Within this type, differences in personal and social experiences subtend three subtypes: patients and carers; user or consumer groups, and consumerists or patient advocates. 35 Patients and carers are important, but they are not able to represent (voice) other patients’ points of view because they seldom know what they are. Consumer groups, such as community, advocacy and self‐help groups, are committed to identifying and articulating the interests of patients and other users. Patient advocates are those users whose knowledge of patients’ interests and concerns is wider and more abstract than that of any single user or patient group. 11 Their perspectives are usually organized around general principles of information and choice, support and advocacy, safety and redress.

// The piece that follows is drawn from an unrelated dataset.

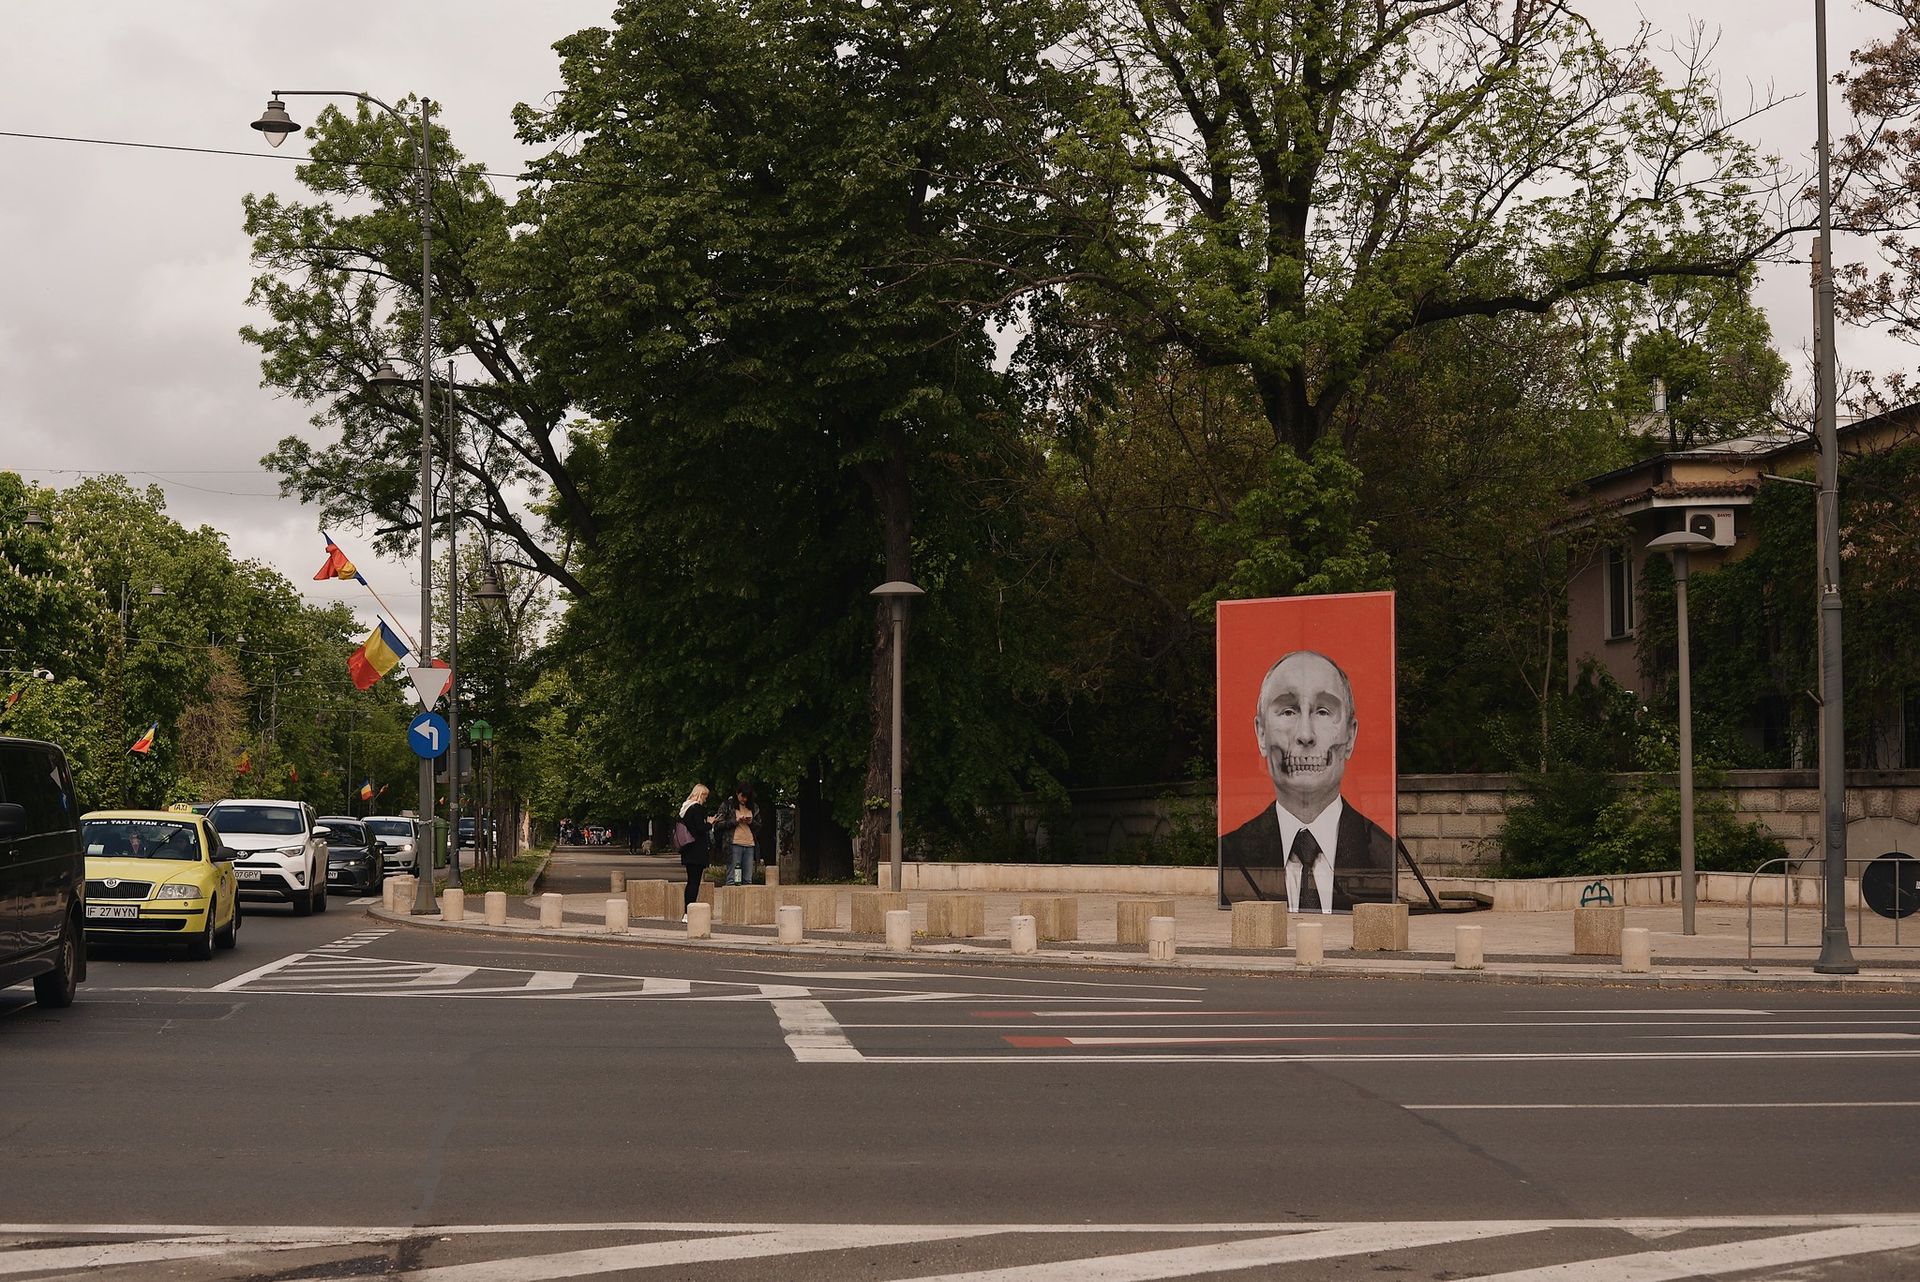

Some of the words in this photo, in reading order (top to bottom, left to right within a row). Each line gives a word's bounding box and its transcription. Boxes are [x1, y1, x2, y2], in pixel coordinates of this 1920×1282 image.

[88, 906, 97, 916] IF
[100, 907, 111, 917] 27
[113, 907, 136, 917] WYN

Within type III, there are, therefore, wide variations. It will be important to monitor the numbers and proportions of appointments of lay people from minority ethnic communities, disadvantaged groups and patient or user groups themselves. Voluntary organisations can have very different philosophies and views that affect how they will respond to particular issues. For example, within organisations representing people with mental health problems there are wide differences: some represent patients who see themselves as ‘survivors’ of the mental health system, while others predominantly represent parents and carers. 34 In addition, representatives from ‘single issue’ user groups may be concerned with promoting the specific issues that affect people with a particular condition or in particular circumstances, rather than general issues concerning all users. All these points have to be taken into account when making appointments, just as parallel points should be taken into account when appointing health professionals. 36 The question of which lay people should be appointed to which health service bodies is intensely political. Now that interests in health‐care are well differentiated, whether type I members have any place is questionable; the professional members of the group or committee can speak for dominant interests. After excluding type I lay people, much must depend on the purposes of the body. Governance bodies with executive managers as directors need some type II lay non‐executive directors to monitor the executives’ actions and hold them to account. But they will also need type III non‐executive directors to identify and champion patients’ interests. Bodies with a high proportion of health professionals as members and little or no managerial input will need type III members. Yet health professionals feel ambivalence towards those who speak for repressed interests; they can fear as well as respect them. Much depends on the personal qualities and communication skills of both the professional and the lay members, as well as on their ideological alignments.

Conclusions

Those making appointments to health service committees take care to ensure that the relevant professions and specialists are represented. It is now time to identify the different interests that lay people can represent. The interests of the public as citizens, as patients, and as carers may conflict with each other, as well as with the interests of health professionals and managers. There is need for clarity of purpose here. There is also need for a positive definition of ‘lay’ so that variations within the umbrella term ‘lay’ can be recognized and respected within committees once the appointments are made. In particular, the expertise, experiential and theoretical, that characterize type III members must be acknowledged. As the only category of lay people who can consistently speak for patients’ interests when they conflict with the interests of professionals or managers, as well as when they coincide, their contribution is crucial to the health service, as well as forming part of the complex matrix from which politicians must draw out the public interest.